WORK TO COMPLETE: Leaving out the images, reproduce every line of the data that follows exactly.

EXTRACTED RECORDS section start

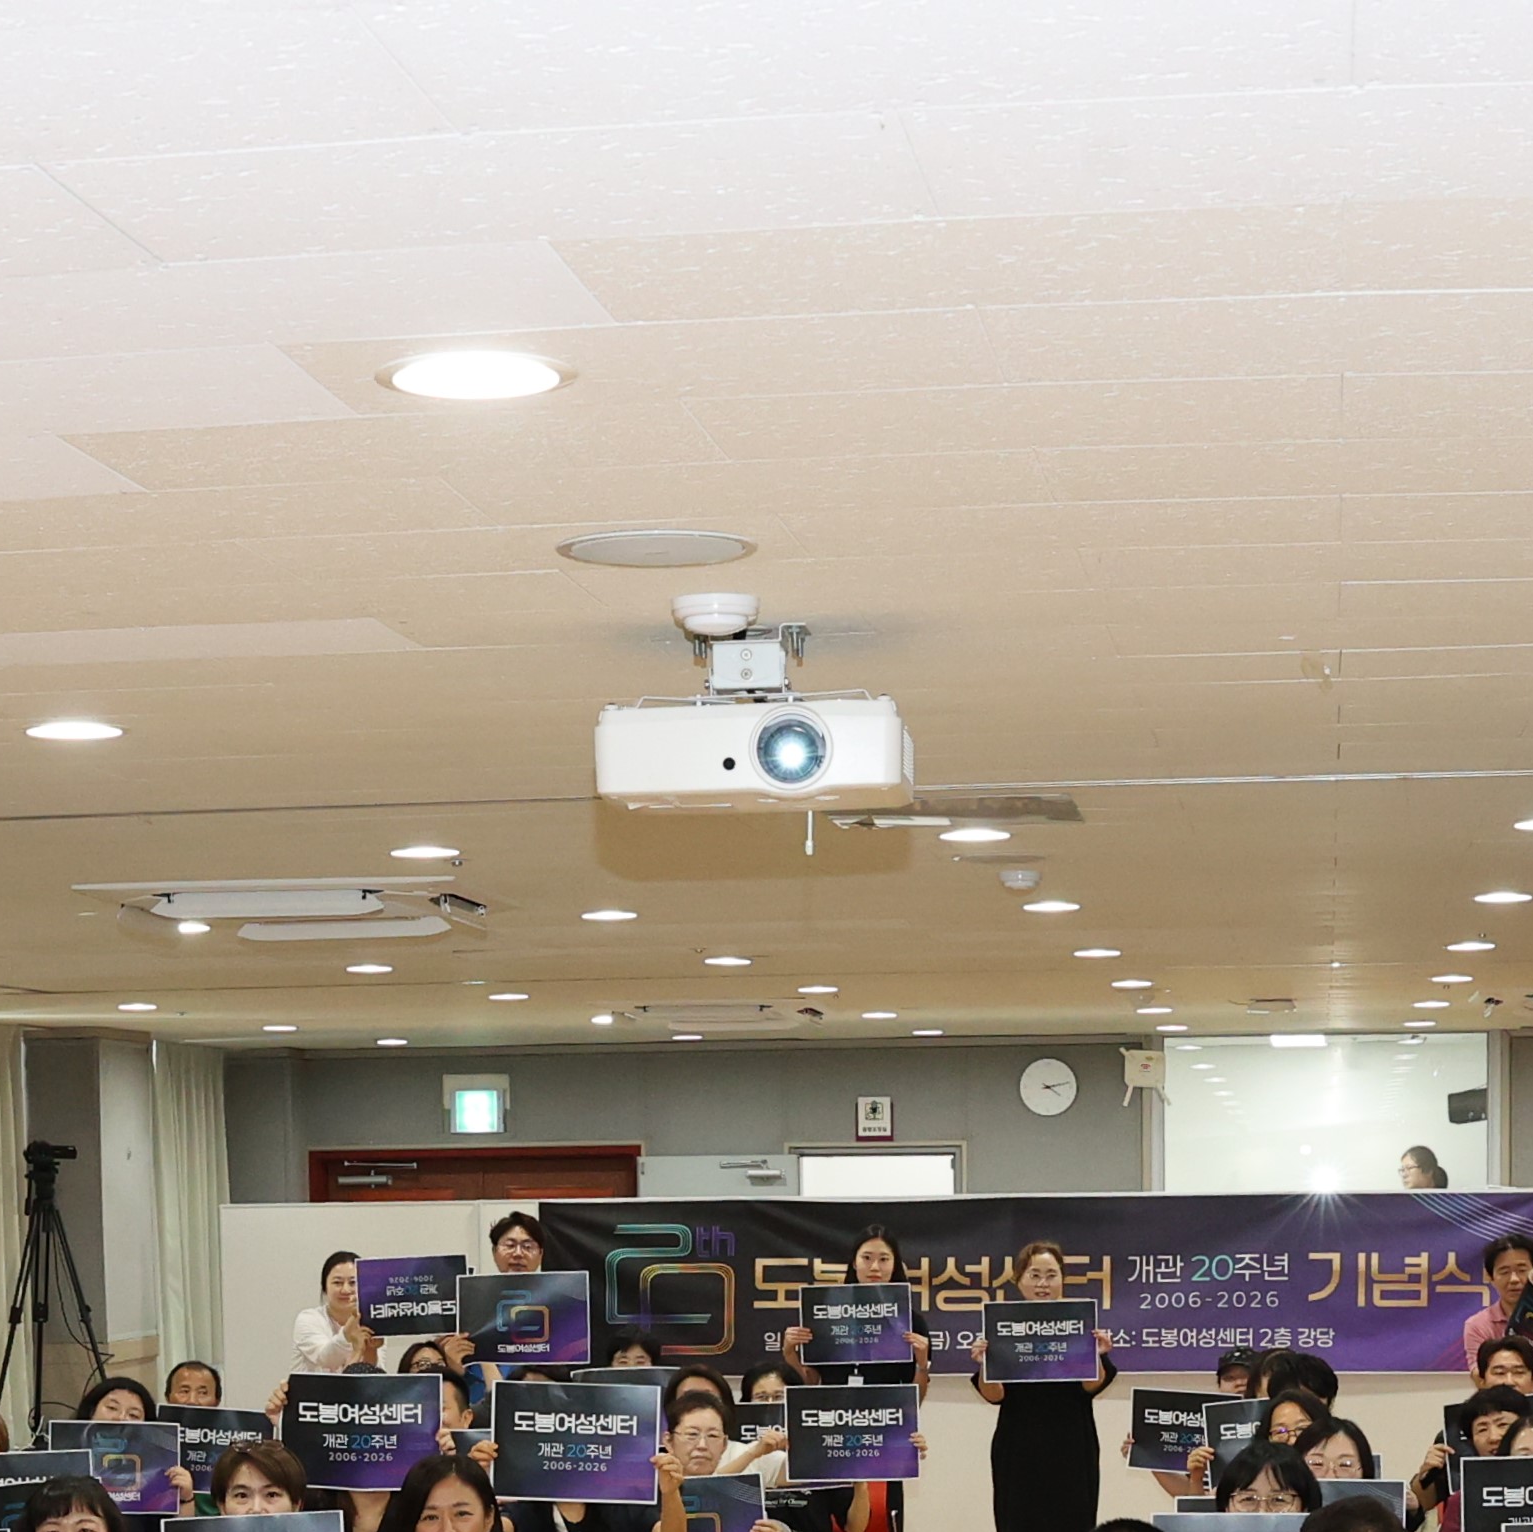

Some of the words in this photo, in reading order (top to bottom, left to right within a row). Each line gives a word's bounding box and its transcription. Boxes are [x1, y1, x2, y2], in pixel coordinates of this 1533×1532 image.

[1127, 1255, 1184, 1283] 개관
[1190, 1252, 1290, 1283] 20주년
[1139, 1291, 1280, 1309] 2006-2026
[370, 1300, 457, 1319] 도봉여성센터
[813, 1303, 899, 1319] 도봉여성센터
[996, 1320, 1084, 1336] 도봉여성센터
[1141, 1328, 1254, 1348] 도봉여성센터
[1259, 1328, 1292, 1348] 2층
[1297, 1327, 1336, 1348] 강당
[298, 1402, 422, 1426] 도봉여성센터
[801, 1408, 903, 1427] 도봉여성센터
[1144, 1408, 1205, 1428] 도봉여성
[513, 1411, 638, 1437] 도봉여성센터
[322, 1433, 349, 1449] 개관
[351, 1433, 398, 1450] 20주년
[822, 1434, 844, 1447] 개관
[328, 1451, 394, 1463] 2006-2026
[537, 1442, 565, 1458] 개관
[567, 1443, 613, 1460] 20주년
[826, 1449, 880, 1458] 2006-2026
[542, 1460, 608, 1473] 2006-2026
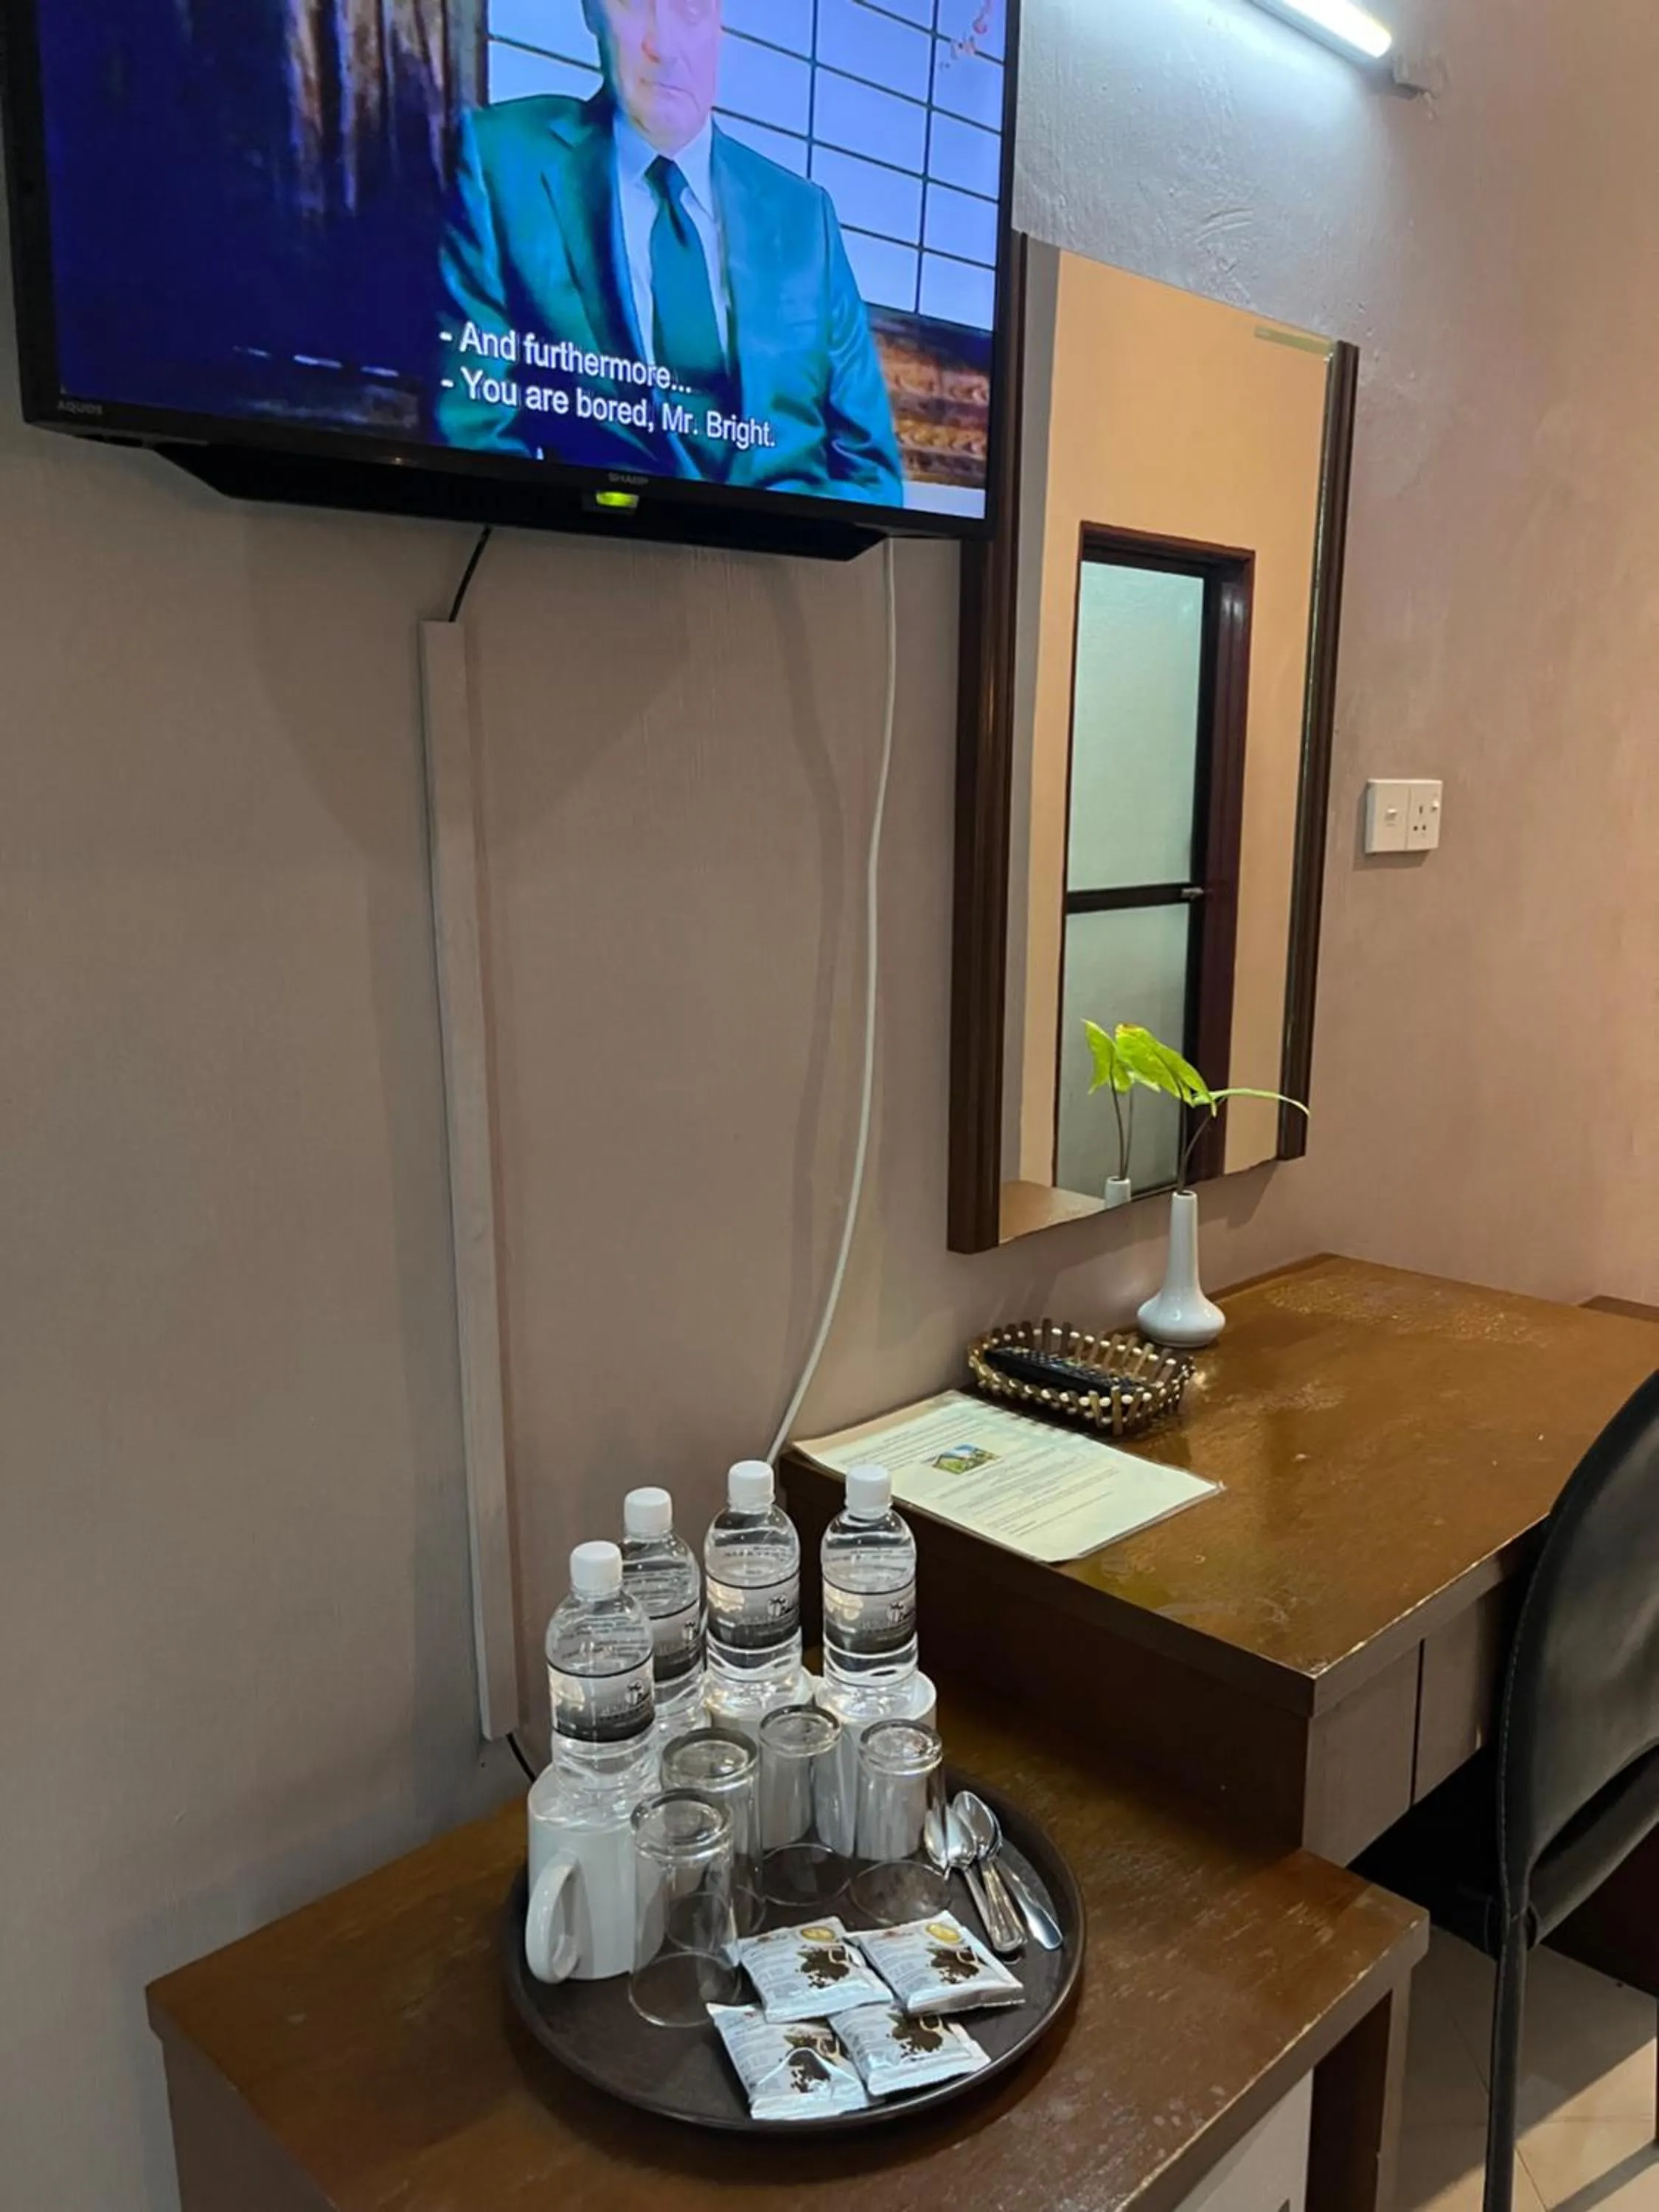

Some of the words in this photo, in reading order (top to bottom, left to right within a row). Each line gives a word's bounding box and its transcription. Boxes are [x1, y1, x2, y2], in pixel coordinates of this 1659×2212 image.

[459, 321, 516, 361] And
[523, 333, 692, 393] furthermore...
[460, 366, 517, 406] You
[526, 387, 568, 414] are
[576, 389, 655, 432] bored,
[662, 403, 699, 435] Mr.
[706, 411, 776, 449] Bright.

EXTRACTED RECORDS section end

ANSWER TO THE PROBLEM:
Some of the words in this photo, in reading order (top to bottom, left to right within a row). Each line gives a word's bounding box and its transcription. Boxes are [x1, y1, x2, y2], in pixel coordinates of this 1533×1532 image.

[1127, 1255, 1184, 1283] 개관
[1190, 1252, 1290, 1283] 20주년
[1139, 1291, 1280, 1309] 2006-2026
[370, 1300, 457, 1319] 도봉여성센터
[813, 1303, 899, 1319] 도봉여성센터
[996, 1320, 1084, 1336] 도봉여성센터
[1141, 1328, 1254, 1348] 도봉여성센터
[1259, 1328, 1292, 1348] 2층
[1297, 1327, 1336, 1348] 강당
[298, 1402, 422, 1426] 도봉여성센터
[801, 1408, 903, 1427] 도봉여성센터
[1144, 1408, 1205, 1428] 도봉여성
[513, 1411, 638, 1437] 도봉여성센터
[322, 1433, 349, 1449] 개관
[351, 1433, 398, 1450] 20주년
[822, 1434, 844, 1447] 개관
[328, 1451, 394, 1463] 2006-2026
[537, 1442, 565, 1458] 개관
[567, 1443, 613, 1460] 20주년
[826, 1449, 880, 1458] 2006-2026
[542, 1460, 608, 1473] 2006-2026

Some of the words in this photo, in reading order (top to bottom, left to right within a row). Each line gives a word's bounding box and its transcription. Boxes are [x1, y1, x2, y2], in pixel coordinates of this 1659×2212 image.

[459, 321, 516, 361] And
[523, 333, 692, 393] furthermore...
[460, 366, 517, 406] You
[526, 387, 568, 414] are
[576, 389, 655, 432] bored,
[662, 403, 699, 435] Mr.
[706, 411, 776, 449] Bright.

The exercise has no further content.